Task details →
Copy out the entries that follow exactly, leaving out the pictures.

Provided information below:

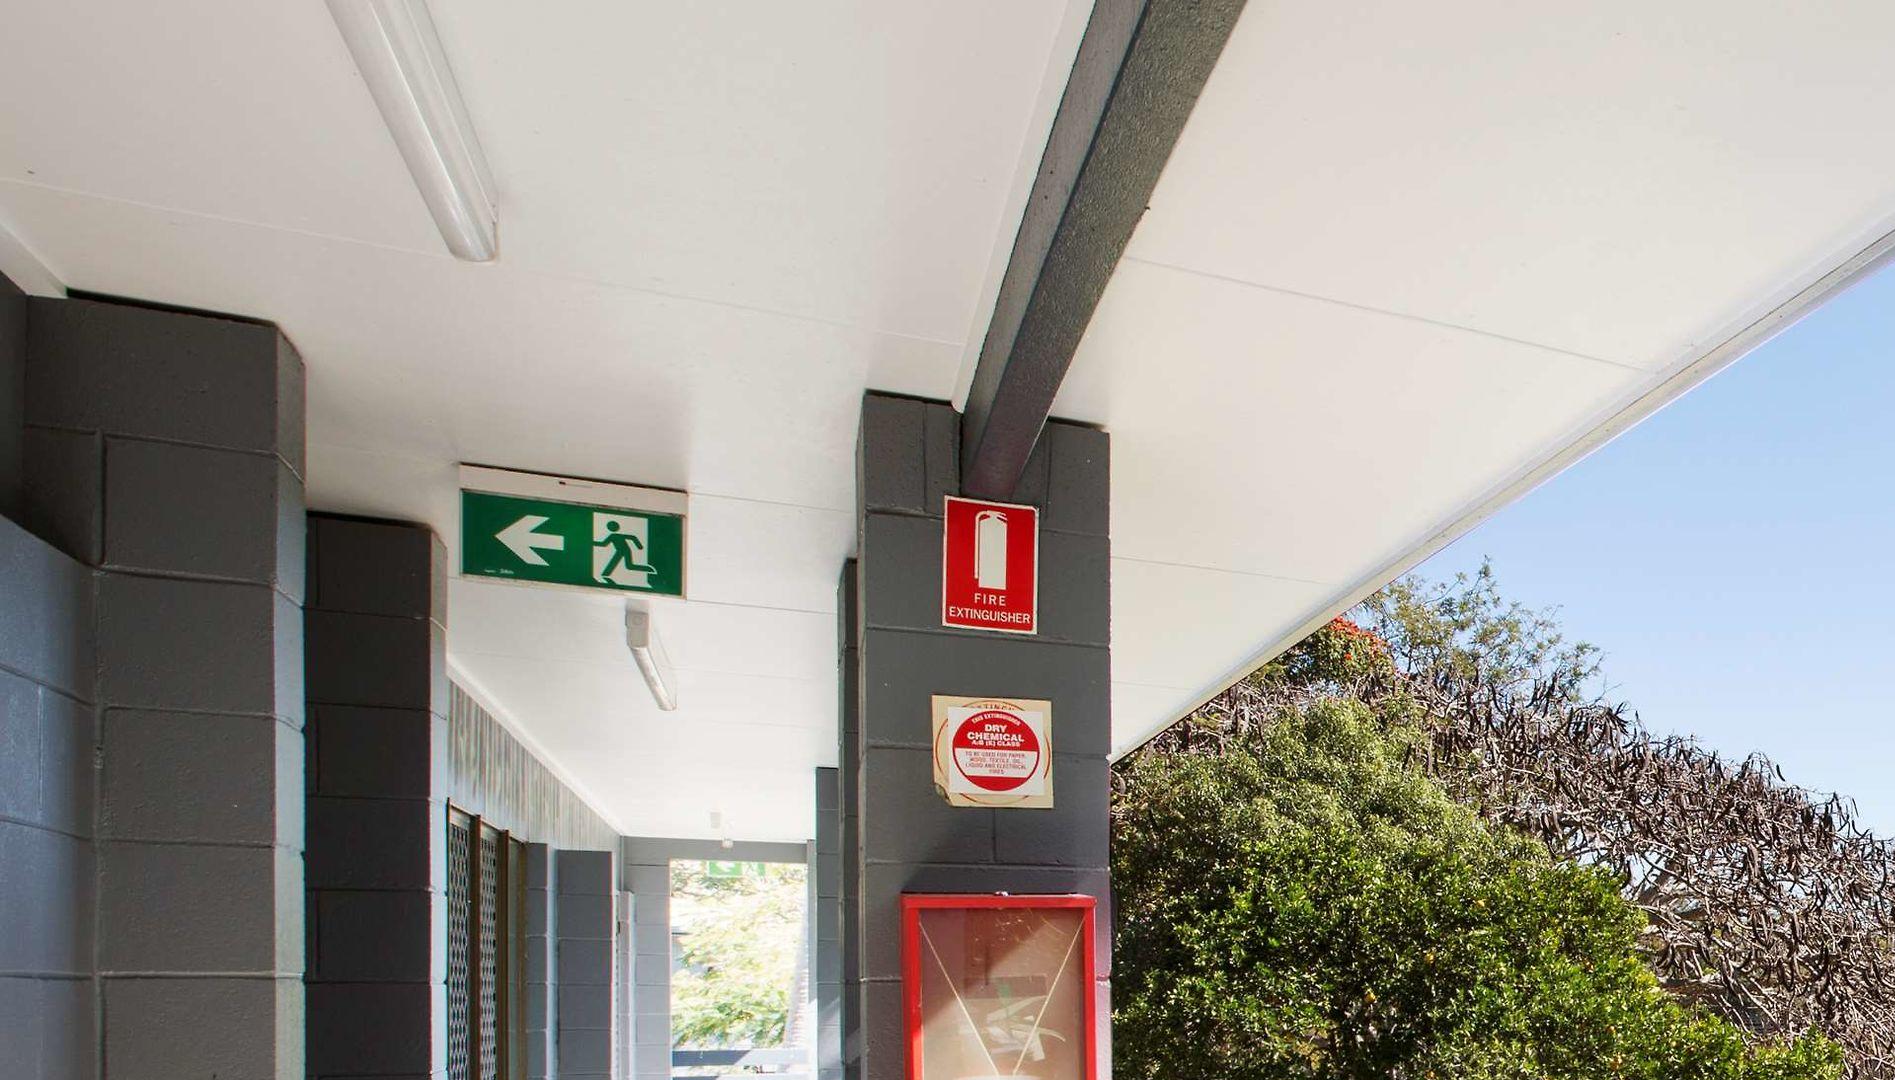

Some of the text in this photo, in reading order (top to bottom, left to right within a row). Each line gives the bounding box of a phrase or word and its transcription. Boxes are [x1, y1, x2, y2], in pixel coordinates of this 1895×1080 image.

[974, 592, 1006, 606] FIRE
[949, 606, 1031, 624] EXTINGUISHER
[984, 724, 1007, 733] DRY
[967, 731, 1025, 743] CHEMICAL

End of Provided information.

Response to this task →
Some of the text in this photo, in reading order (top to bottom, left to right within a row). Each line gives the bounding box of a phrase or word and its transcription. Boxes are [x1, y1, x2, y2], in pixel coordinates of this 1895×1080 image.

[974, 592, 1006, 606] FIRE
[949, 606, 1031, 624] EXTINGUISHER
[984, 724, 1007, 733] DRY
[967, 731, 1025, 743] CHEMICAL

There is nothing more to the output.